Frivolous space tourism?

I was booking flights to Seattle this morning, a fairly short hop away from Minneapolis, when I saw another interesting destination: a new planetary system only 100 light years away, HD 110067. United and Delta didn’t have any flights to that exotic destination, and I don’t think I can squeeze the trip into my 3 week break, unfortunately.

It looks like an interesting but impractical place to visit, in so many ways. Six planets, ranging in size between 1.94 and 2.85 Earth radii, so probably a bit of a workout to take a stroll, and you couldn’t walk there anyway, with surface temperatures between 170 and 525°C. The atmospheres are mostly hydrogen, so breathing will be tough.

The interesting thing is that they’r all whipping around their star at a rapid rate — their years vary between 9 and 55 Earth days. I’m getting dizzy imagining it.

Also, all six are in resonant orbits, which I guess isn’t totally surprising since they’re so close to each other in such tight orbits around their star.

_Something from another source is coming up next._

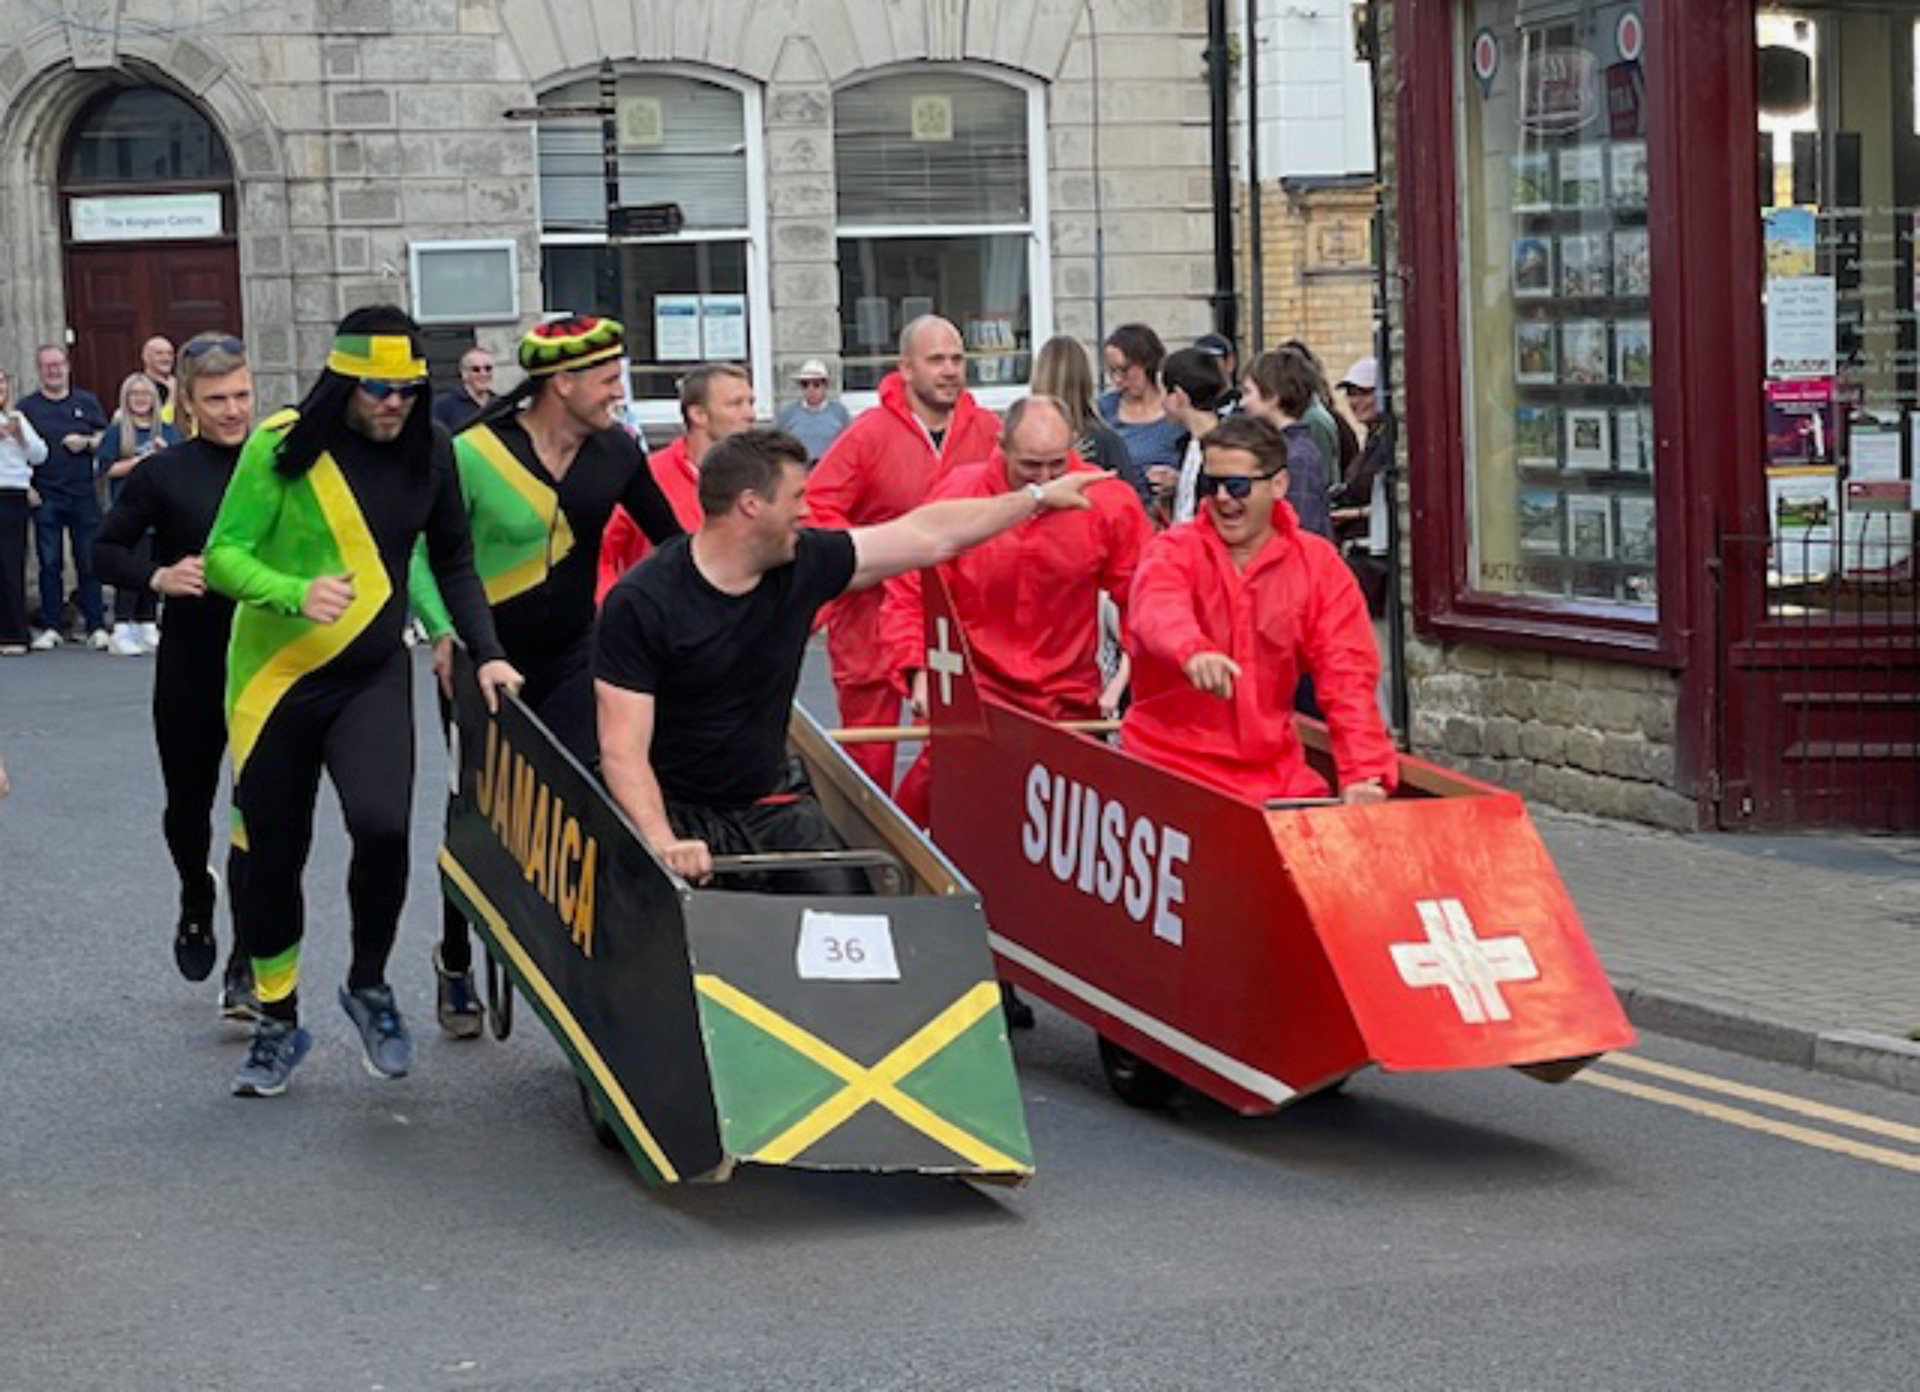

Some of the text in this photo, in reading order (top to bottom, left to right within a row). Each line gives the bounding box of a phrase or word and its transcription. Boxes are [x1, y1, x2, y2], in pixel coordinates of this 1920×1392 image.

[476, 718, 597, 958] JAMAICA
[1022, 763, 1190, 946] SUISSE
[823, 936, 865, 963] 36

Maybe if I wait until summer break I’ll have time enough to visit? It’s not very practical, but it does look like a fascinating novelty star system.


  1. robro says

    Maybe you can hijack one of those UFOs Loeb has been telling us about…the one’s from the Permian event or whenever. Bet they could get you there lickety-split. Don’t worry about not knowing how to fly them because with their hyper-advanced ML/AI systems I’m sure they can read your thoughts to know where you want to go, and then take care of the navigation and steering. All you have to do is sit back and relax. Read a book.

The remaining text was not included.